In Bahena, it was specifically noted that a QME panel request form was enclosed with the denial. Similarly, in Montoya, the WCJ found that the defendant's delay letter indicated that a § 4060 evaluation would be needed to complete the investigation. California Code of Regulations Title 8 § 9812(g)(3) provides that if a defendant notifies an employee that it is requesting a comprehensive medical legal evaluation, the delay notice must be accompanied by a QME request form. So in those cases, the WCAB allowed a denial letter or a delay letter to trigger the QME process because they were accompanied by the form. But in Rayo, the WCJ found nothing in the delay letter that reasonably could be described as "a request for a medical evaluation pursuant to section 4060."

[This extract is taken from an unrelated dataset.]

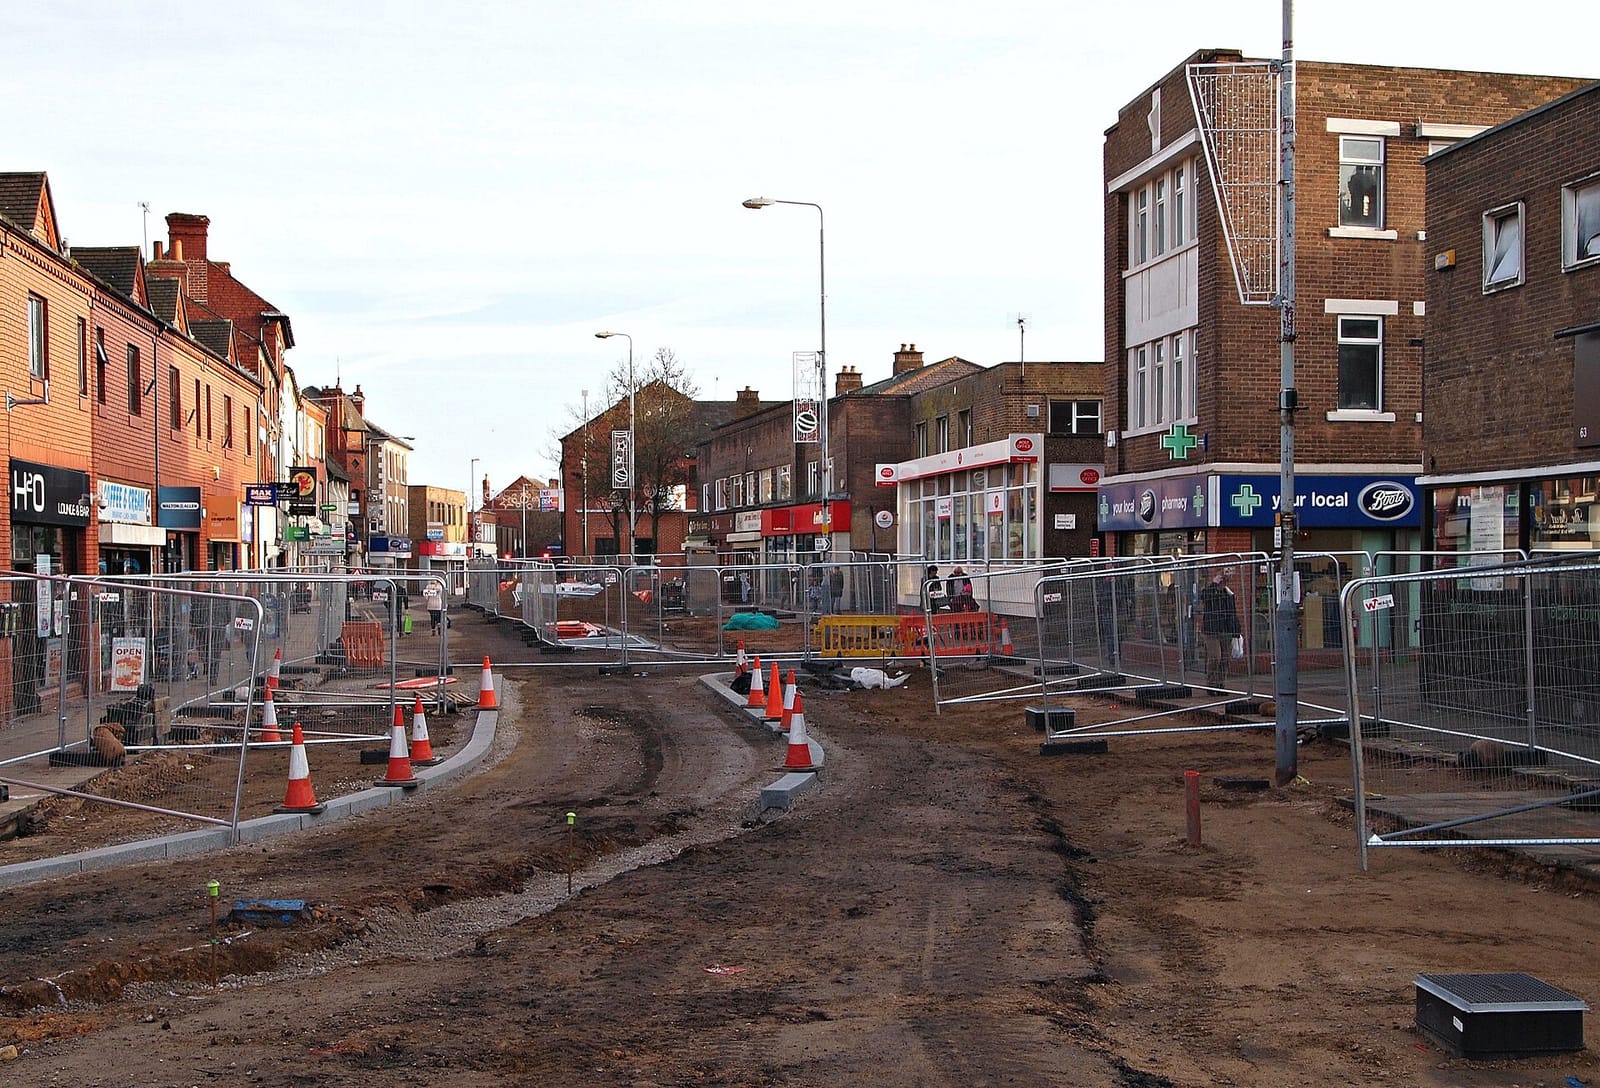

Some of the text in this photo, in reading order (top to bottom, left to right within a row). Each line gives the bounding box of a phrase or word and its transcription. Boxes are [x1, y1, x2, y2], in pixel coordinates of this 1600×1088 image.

The administrative regulations contemplate that providing a QME panel request form will trigger the process for obtaining a QME under § 4060. Per CCR Title 8 § 9812(g)(3) and § 9812(i)(1)(B), if an employee is provided with a QME request form in a delay or denial letter, respectively, the employee must be given the same notification in both letters. The letters must state, "If you do not submit the form within 10 days, we will have the right to submit the form."

So, although the cases have focused mostly on whether a denial letter or a delay letter qualifies as "a mailing of a request for a medical evaluation pursuant to Section 4060," it might be that neither alone qualifies. It might be that a denial letter or delay letter may trigger the QME process under § 4060 only if accompanied by QME panel request form.